WORK INSTRUCTION => Repeat each record exactly. Any picture gets left out.

[Opening EXTRACTED ENTRIES section]

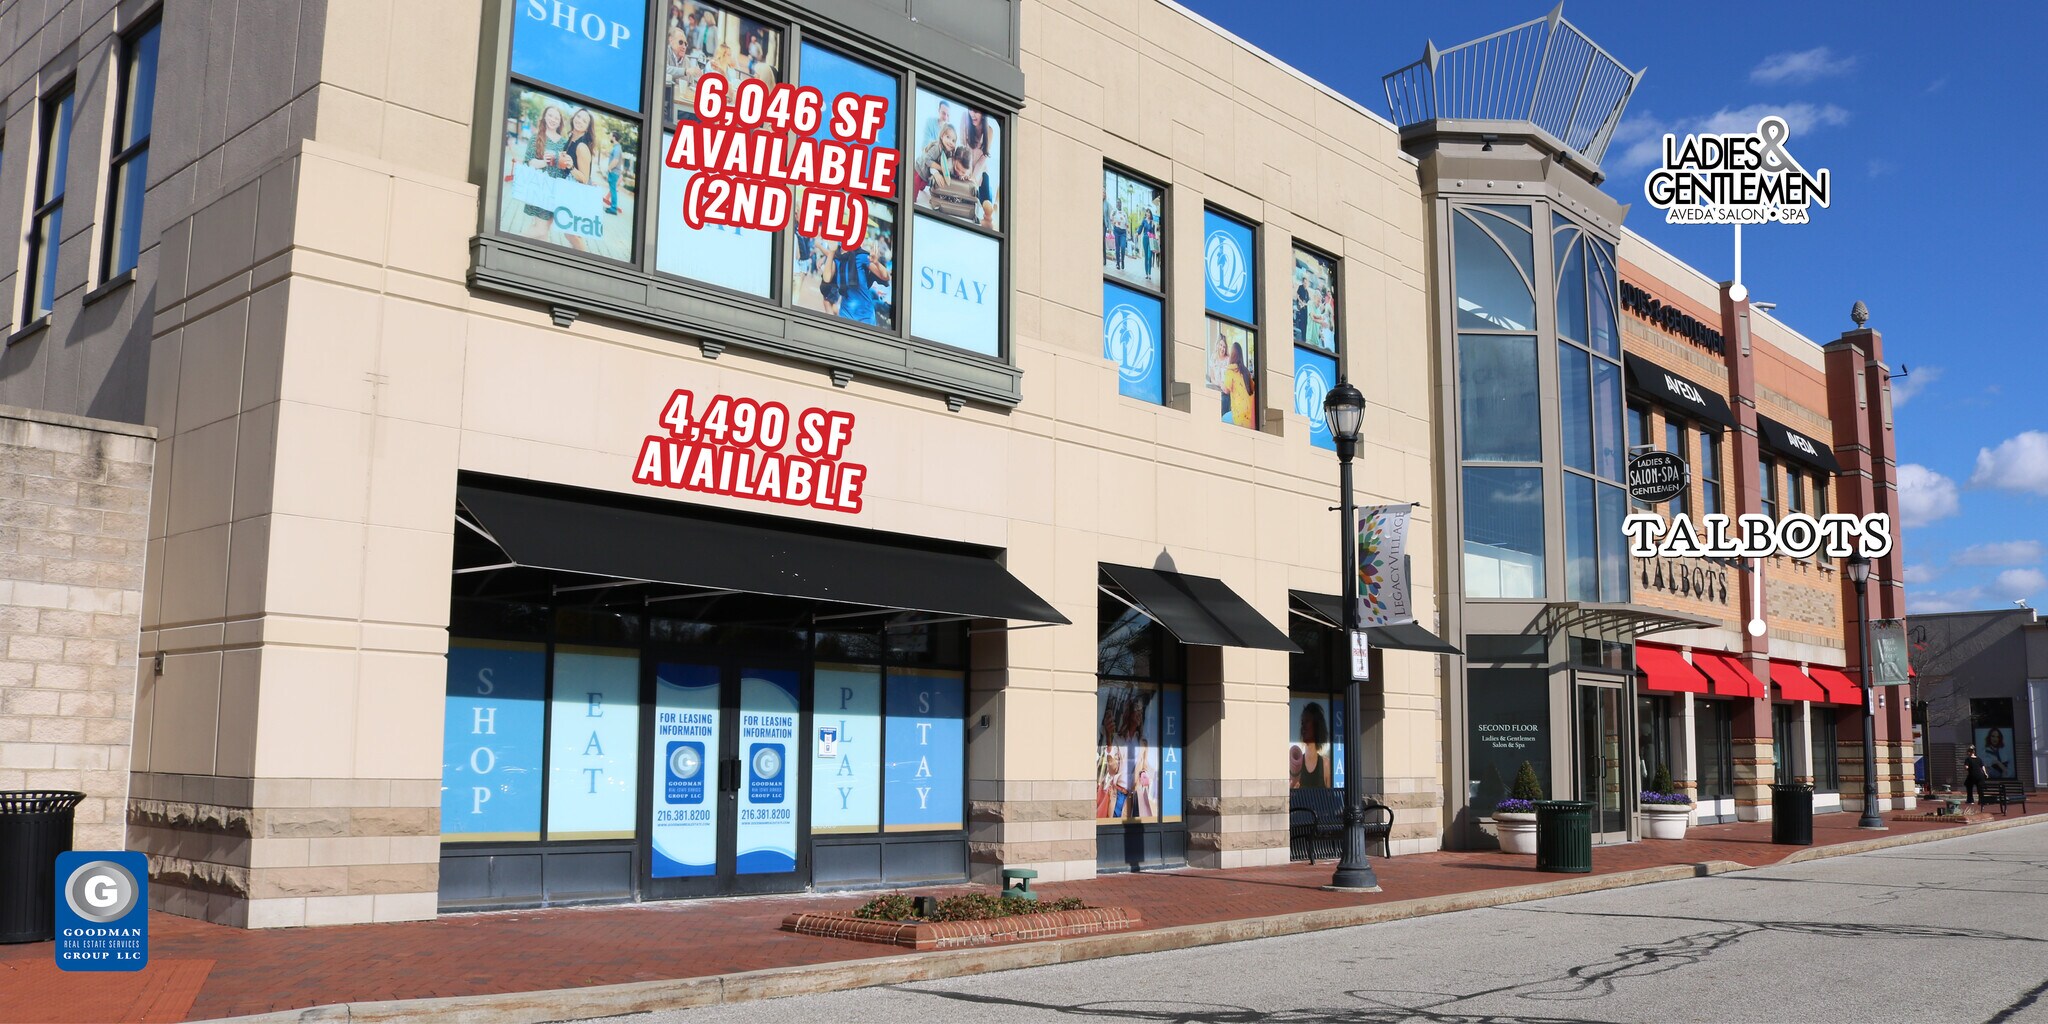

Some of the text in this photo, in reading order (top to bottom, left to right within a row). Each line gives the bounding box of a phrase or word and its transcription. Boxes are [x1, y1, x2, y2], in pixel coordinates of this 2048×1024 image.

[527, 0, 631, 49] SHOP
[920, 266, 988, 305] STAY
[1663, 373, 1706, 407] AVEDA
[1785, 430, 1819, 457] AVEDA
[1637, 456, 1672, 468] LADIES &
[1632, 484, 1680, 496] GENTLEMEN
[1637, 557, 1727, 602] TALBOTS
[660, 713, 713, 725] FOR LEASING
[744, 716, 793, 727] FOR LEASING
[1478, 724, 1538, 732] SECOND FLOOR
[470, 668, 497, 814] SHOP
[659, 725, 713, 737] INFORMATION
[743, 727, 792, 739] INFORMATION
[582, 692, 604, 794] EAT
[836, 687, 854, 810] PLAY
[915, 691, 932, 810] STAY
[1164, 716, 1177, 790] EAT
[1515, 742, 1525, 750] Spa
[657, 809, 711, 822] 216.381.8200
[741, 808, 791, 820] 216.381.8200

[Closing EXTRACTED ENTRIES section]

COMPLETED EXERCISE =>
Some of the text in this photo, in reading order (top to bottom, left to right within a row). Each line gives the bounding box of a phrase or word and its transcription. Boxes are [x1, y1, x2, y2], in pixel coordinates of this 2048×1024 image.

[527, 0, 631, 49] SHOP
[920, 266, 988, 305] STAY
[1663, 373, 1706, 407] AVEDA
[1785, 430, 1819, 457] AVEDA
[1637, 456, 1672, 468] LADIES &
[1632, 484, 1680, 496] GENTLEMEN
[1637, 557, 1727, 602] TALBOTS
[660, 713, 713, 725] FOR LEASING
[744, 716, 793, 727] FOR LEASING
[1478, 724, 1538, 732] SECOND FLOOR
[470, 668, 497, 814] SHOP
[659, 725, 713, 737] INFORMATION
[743, 727, 792, 739] INFORMATION
[582, 692, 604, 794] EAT
[836, 687, 854, 810] PLAY
[915, 691, 932, 810] STAY
[1164, 716, 1177, 790] EAT
[1515, 742, 1525, 750] Spa
[657, 809, 711, 822] 216.381.8200
[741, 808, 791, 820] 216.381.8200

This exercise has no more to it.